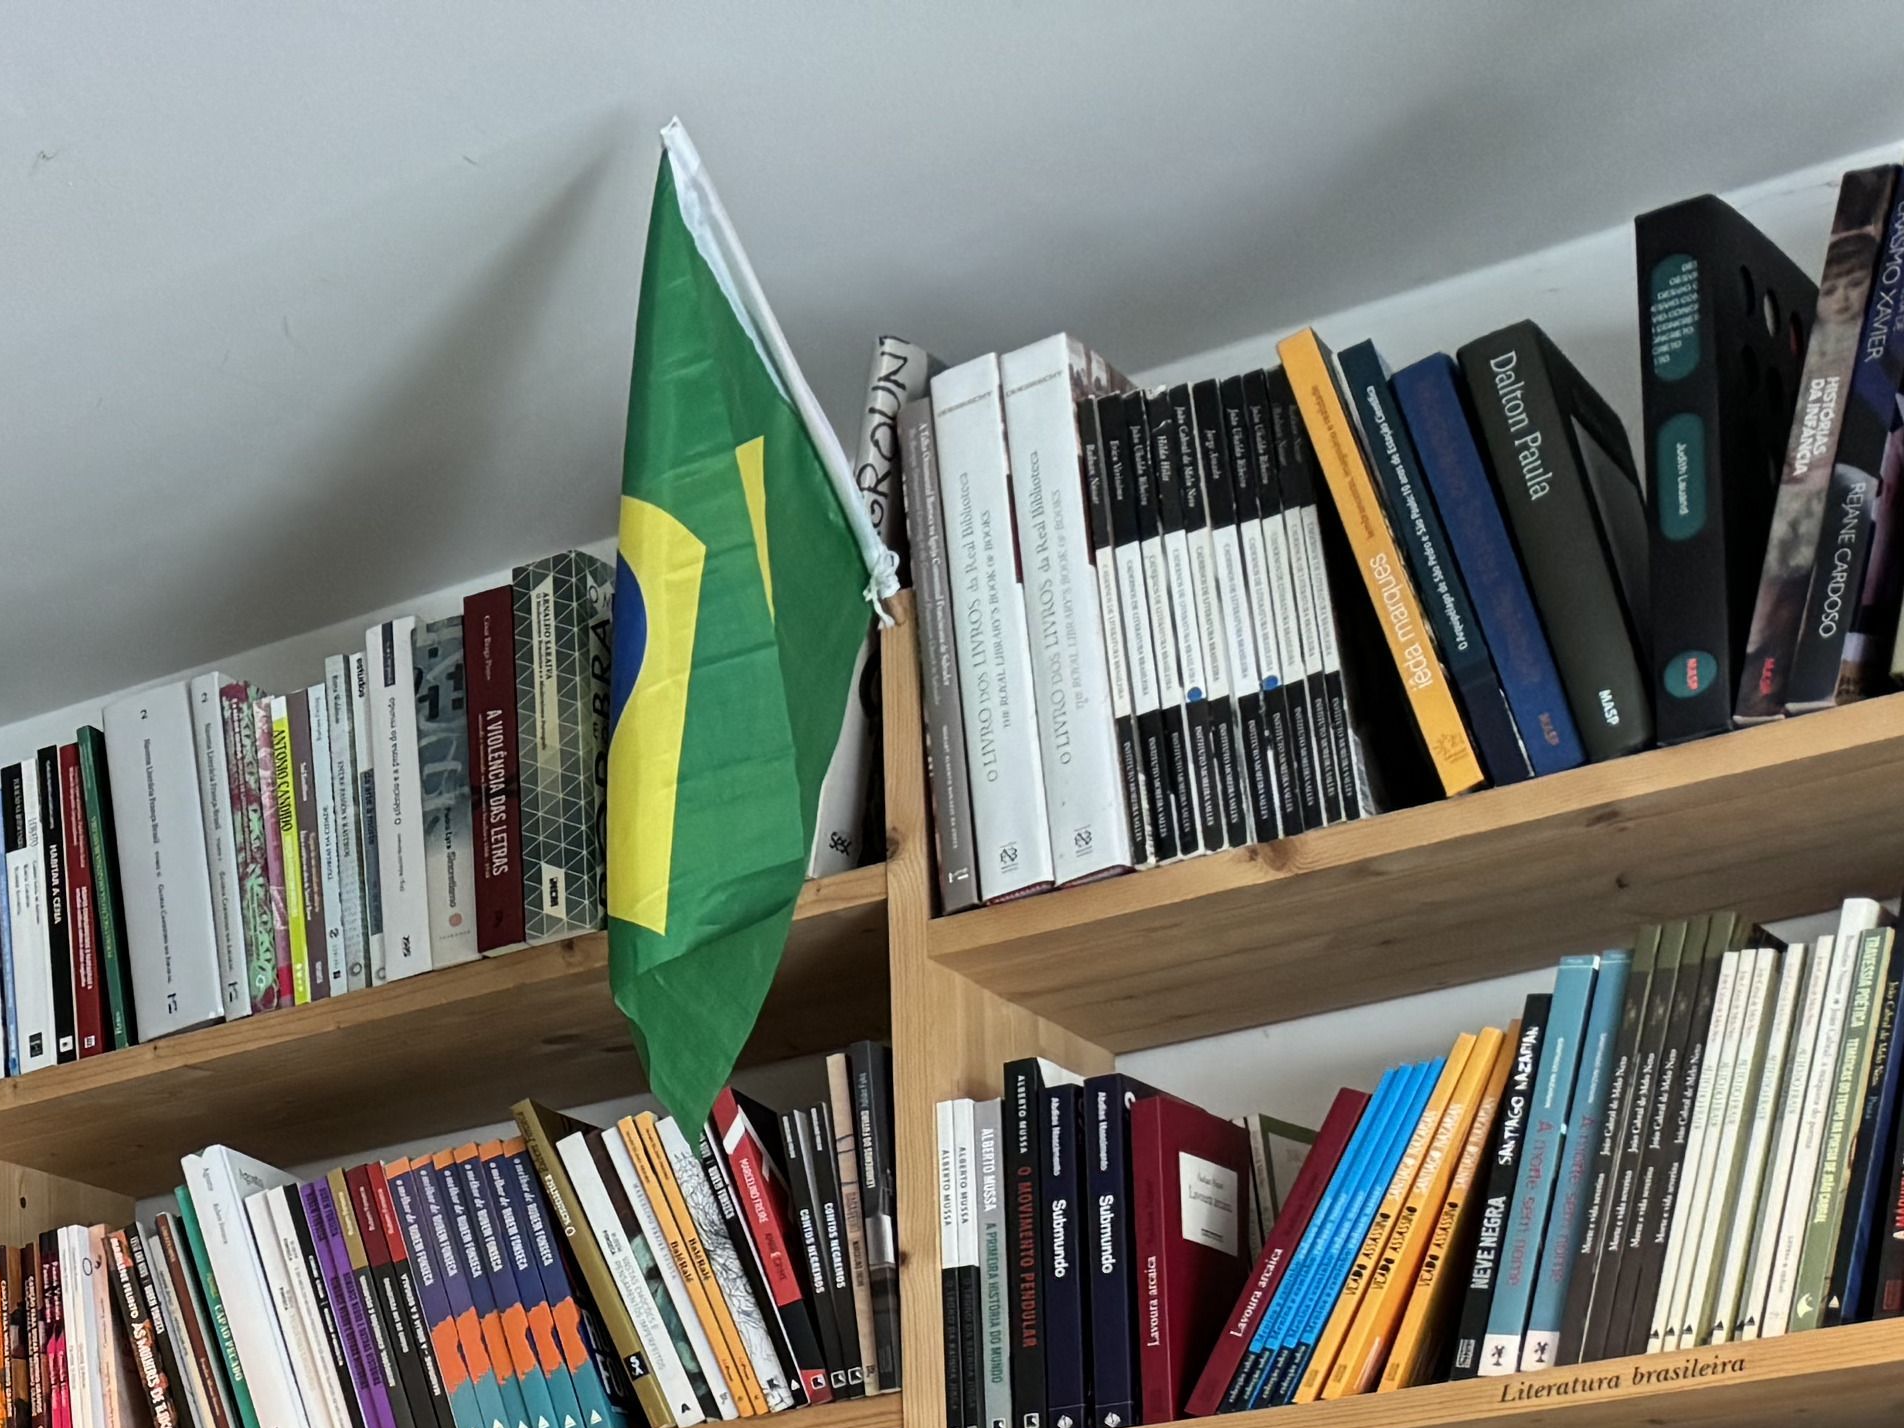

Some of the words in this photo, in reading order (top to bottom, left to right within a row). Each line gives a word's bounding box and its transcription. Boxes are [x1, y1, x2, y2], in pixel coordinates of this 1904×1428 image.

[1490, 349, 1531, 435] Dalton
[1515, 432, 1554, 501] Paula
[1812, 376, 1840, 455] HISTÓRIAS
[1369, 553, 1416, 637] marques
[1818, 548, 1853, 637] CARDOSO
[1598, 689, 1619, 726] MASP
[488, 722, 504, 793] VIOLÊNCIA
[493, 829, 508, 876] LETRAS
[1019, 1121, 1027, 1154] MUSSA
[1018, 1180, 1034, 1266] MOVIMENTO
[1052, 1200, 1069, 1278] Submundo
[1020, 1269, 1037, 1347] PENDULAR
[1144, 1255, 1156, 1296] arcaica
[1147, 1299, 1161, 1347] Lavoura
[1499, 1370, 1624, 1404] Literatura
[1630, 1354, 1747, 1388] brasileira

------

About this exercise -
The entries above should be retyped word for word, with all pictures omitted.

Response -
Some of the words in this photo, in reading order (top to bottom, left to right within a row). Each line gives a word's bounding box and its transcription. Boxes are [x1, y1, x2, y2], in pixel coordinates of this 1904×1428 image.

[1490, 349, 1531, 435] Dalton
[1515, 432, 1554, 501] Paula
[1812, 376, 1840, 455] HISTÓRIAS
[1369, 553, 1416, 637] marques
[1818, 548, 1853, 637] CARDOSO
[1598, 689, 1619, 726] MASP
[488, 722, 504, 793] VIOLÊNCIA
[493, 829, 508, 876] LETRAS
[1019, 1121, 1027, 1154] MUSSA
[1018, 1180, 1034, 1266] MOVIMENTO
[1052, 1200, 1069, 1278] Submundo
[1020, 1269, 1037, 1347] PENDULAR
[1144, 1255, 1156, 1296] arcaica
[1147, 1299, 1161, 1347] Lavoura
[1499, 1370, 1624, 1404] Literatura
[1630, 1354, 1747, 1388] brasileira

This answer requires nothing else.